Getting in Gear
Have you ever felt like you were being held captive by your car? Forced to drive to work each day and run errands, and filling up much too often to get it all done? But it doesn’t just stop there. What about the loan payments? Then there’s the mechanic. And don’t forget about paying for parking anytime you try to park downtown. You start to think to yourself, “There has to be a better option.”
Think Pedal Power
Maybe the thought never crossed your mind, or you’ve just dismissed bicyclists as health nuts, but did it occur to you that they’re saving money? I’m sure this isn’t news to you: riding a bike costs less than driving your car. But do you realize how much? For a quick estimate of how much you can save per trip, check out the Bike Commute Calculator at the Bike to Work Day website. The site posits that the average driver spends$9,641 per year on car related expenses, and that’s just one year. Imagine if you could save that; it would be like getting a pretty hefty raise. You could even purchase a Mustang pool table. Well, almost.

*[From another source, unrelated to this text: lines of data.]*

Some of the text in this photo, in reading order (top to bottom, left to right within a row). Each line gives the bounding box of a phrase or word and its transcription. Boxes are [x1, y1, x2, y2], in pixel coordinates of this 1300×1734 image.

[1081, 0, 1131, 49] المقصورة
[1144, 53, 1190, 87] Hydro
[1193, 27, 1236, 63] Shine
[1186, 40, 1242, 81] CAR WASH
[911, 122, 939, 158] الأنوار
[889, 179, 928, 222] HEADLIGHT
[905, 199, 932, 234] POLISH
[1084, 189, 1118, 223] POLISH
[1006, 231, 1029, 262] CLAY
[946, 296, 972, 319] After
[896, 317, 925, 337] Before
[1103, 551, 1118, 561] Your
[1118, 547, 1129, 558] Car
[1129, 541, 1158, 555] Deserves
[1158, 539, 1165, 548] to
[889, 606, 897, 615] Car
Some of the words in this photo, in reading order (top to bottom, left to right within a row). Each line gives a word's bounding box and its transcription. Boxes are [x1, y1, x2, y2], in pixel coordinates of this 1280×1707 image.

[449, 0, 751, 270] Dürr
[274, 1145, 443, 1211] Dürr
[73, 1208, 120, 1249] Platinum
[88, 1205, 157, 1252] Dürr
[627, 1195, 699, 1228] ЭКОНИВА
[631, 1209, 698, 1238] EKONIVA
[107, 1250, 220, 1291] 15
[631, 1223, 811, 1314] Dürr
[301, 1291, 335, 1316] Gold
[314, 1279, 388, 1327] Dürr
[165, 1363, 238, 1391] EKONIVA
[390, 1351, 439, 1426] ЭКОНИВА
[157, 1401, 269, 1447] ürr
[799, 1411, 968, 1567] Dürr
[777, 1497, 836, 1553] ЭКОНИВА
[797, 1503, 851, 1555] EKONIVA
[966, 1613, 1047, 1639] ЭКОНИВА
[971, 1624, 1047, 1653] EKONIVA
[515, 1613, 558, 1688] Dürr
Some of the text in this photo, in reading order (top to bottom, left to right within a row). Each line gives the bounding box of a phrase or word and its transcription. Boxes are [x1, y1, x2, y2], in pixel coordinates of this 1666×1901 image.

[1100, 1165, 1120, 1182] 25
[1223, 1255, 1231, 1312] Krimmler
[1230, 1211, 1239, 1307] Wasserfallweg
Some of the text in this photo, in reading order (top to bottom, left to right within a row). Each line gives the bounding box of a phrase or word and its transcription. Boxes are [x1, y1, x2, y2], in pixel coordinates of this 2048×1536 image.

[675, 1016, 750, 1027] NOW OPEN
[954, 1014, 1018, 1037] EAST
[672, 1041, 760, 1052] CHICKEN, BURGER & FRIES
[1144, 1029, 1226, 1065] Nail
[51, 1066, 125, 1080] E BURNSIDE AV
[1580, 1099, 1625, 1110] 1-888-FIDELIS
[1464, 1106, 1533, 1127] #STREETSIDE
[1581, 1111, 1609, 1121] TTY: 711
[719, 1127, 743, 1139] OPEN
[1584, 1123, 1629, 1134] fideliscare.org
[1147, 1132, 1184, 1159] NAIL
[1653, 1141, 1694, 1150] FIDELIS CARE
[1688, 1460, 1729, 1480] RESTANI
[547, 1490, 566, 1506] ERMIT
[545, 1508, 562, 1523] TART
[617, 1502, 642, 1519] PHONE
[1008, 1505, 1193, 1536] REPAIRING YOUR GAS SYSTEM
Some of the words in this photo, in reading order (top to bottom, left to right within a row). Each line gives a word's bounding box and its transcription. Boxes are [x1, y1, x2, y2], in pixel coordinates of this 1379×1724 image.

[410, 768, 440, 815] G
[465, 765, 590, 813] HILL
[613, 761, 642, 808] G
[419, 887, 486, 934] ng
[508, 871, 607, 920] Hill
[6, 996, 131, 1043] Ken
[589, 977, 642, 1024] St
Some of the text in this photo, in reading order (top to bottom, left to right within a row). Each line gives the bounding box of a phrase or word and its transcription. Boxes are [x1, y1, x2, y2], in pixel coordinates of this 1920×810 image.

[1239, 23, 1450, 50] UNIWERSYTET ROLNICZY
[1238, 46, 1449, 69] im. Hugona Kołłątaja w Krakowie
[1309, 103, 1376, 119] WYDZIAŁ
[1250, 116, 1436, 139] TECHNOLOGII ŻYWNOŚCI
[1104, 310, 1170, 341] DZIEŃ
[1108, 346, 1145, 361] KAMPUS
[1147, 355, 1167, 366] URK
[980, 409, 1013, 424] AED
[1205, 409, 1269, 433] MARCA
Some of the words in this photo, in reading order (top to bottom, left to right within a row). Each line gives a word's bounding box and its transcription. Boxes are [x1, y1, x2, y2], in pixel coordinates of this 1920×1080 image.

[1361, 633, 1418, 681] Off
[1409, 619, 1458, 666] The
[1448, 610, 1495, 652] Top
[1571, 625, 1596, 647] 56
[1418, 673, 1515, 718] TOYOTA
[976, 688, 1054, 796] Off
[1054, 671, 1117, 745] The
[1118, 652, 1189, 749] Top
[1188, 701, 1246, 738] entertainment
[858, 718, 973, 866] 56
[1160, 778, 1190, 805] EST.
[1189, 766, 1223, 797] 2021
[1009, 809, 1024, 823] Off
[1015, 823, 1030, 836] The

But let’s remove our heads from the clouds and get real. You probably aren’t going to get rid of your car altogether, or turn it into a pool table. But, you still stand to save a significant amount by riding your bike as much as possible. The time you spend riding will amount to less wear put on your car, helping it to last longer. Your insurance rates may also change for the better if you cut your daily commute out of your driving habits. Some organizations even offer a cash bonus as an incentive. For example, the League of Michigan Bicyclists offers up to $20 per month… not much, but it’s certainly better than nothing.
If you’re not willing to go hardcore with a new bike, do what I’d do: Check Craigslist and garage sales.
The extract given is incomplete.